▶ **Task goal**
Return every entry below exactly as written, minus the pictures.

▶ **Data supplied**
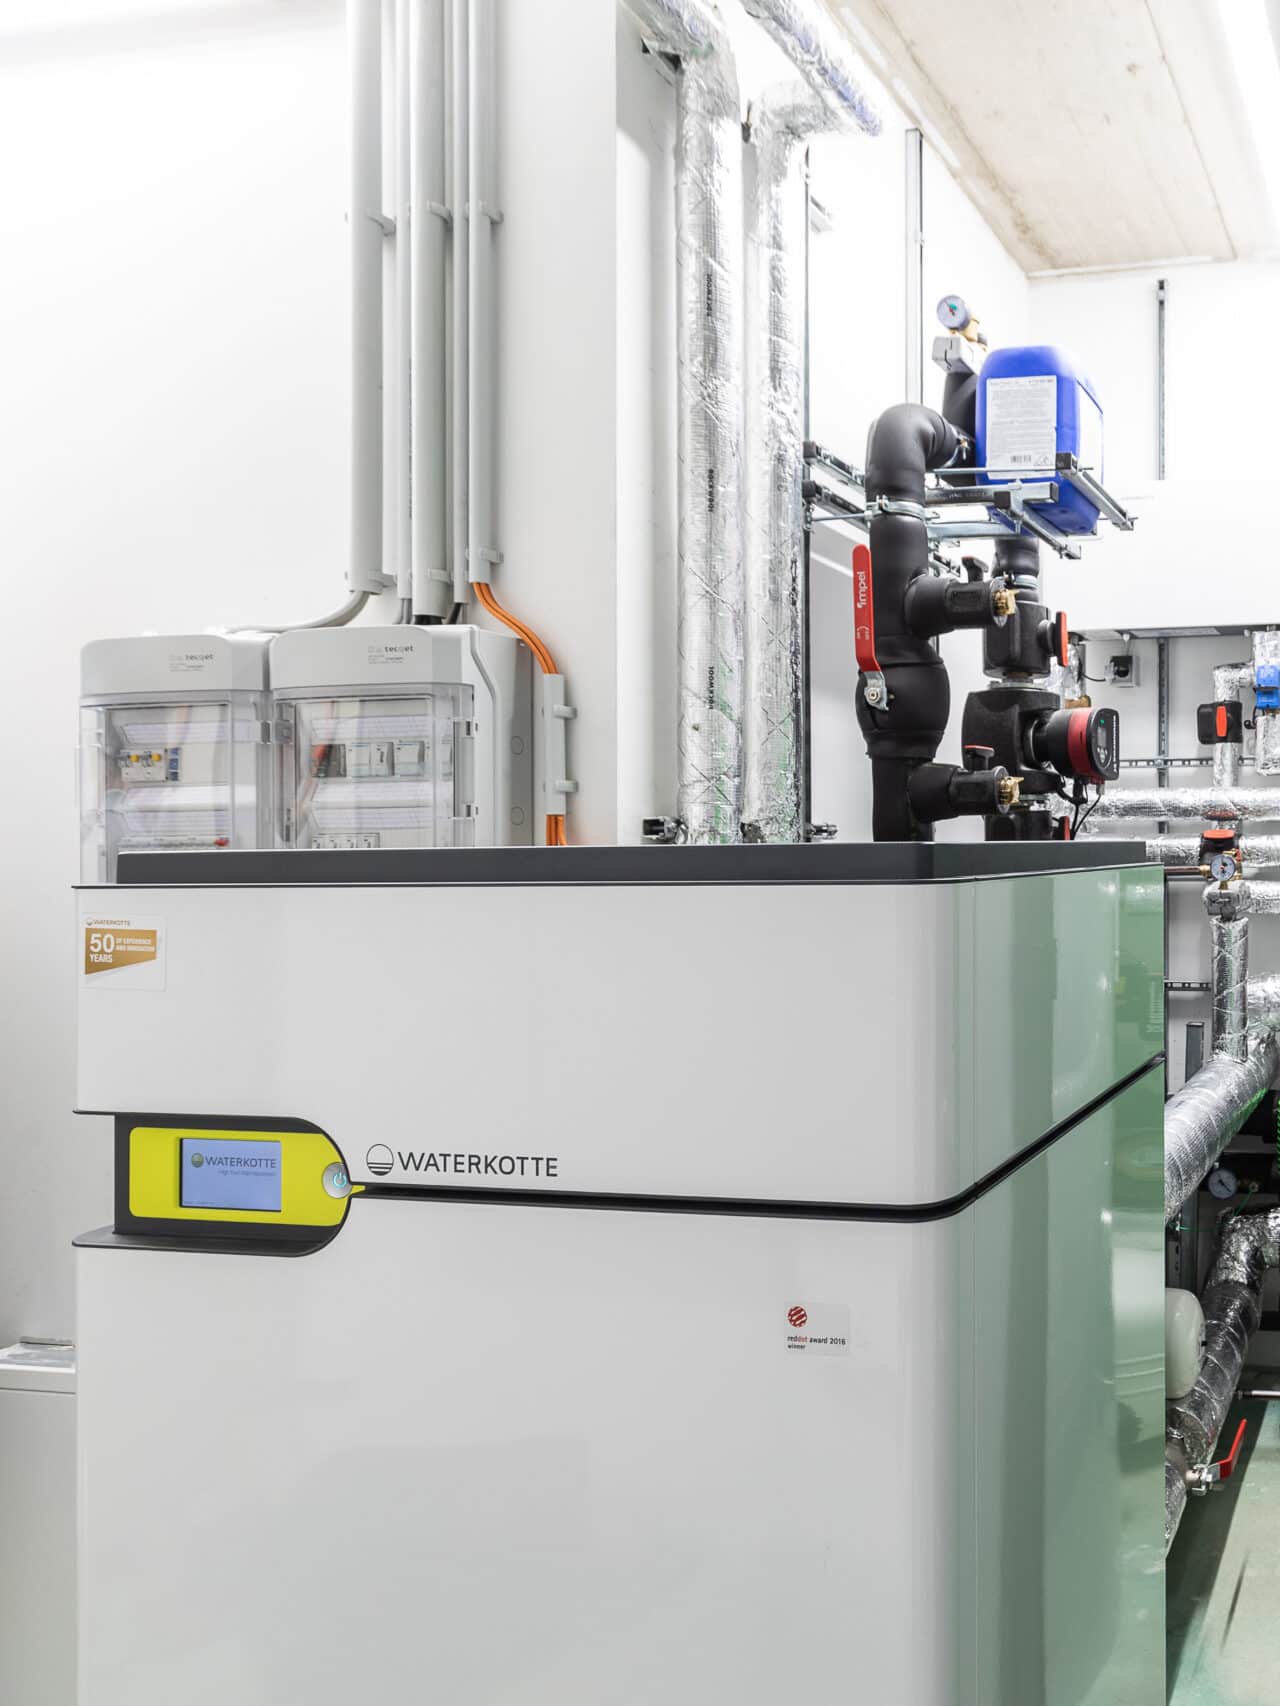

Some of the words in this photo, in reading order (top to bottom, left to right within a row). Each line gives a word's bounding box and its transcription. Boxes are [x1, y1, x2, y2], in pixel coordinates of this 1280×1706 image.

[90, 933, 115, 953] 50
[90, 953, 113, 963] YEARS
[205, 1156, 277, 1169] WATERKOTTE
[398, 1152, 559, 1178] WATERKOTTE

▶ **Output for this exercise**
Some of the words in this photo, in reading order (top to bottom, left to right within a row). Each line gives a word's bounding box and its transcription. Boxes are [x1, y1, x2, y2], in pixel coordinates of this 1280×1706 image.

[90, 933, 115, 953] 50
[90, 953, 113, 963] YEARS
[205, 1156, 277, 1169] WATERKOTTE
[398, 1152, 559, 1178] WATERKOTTE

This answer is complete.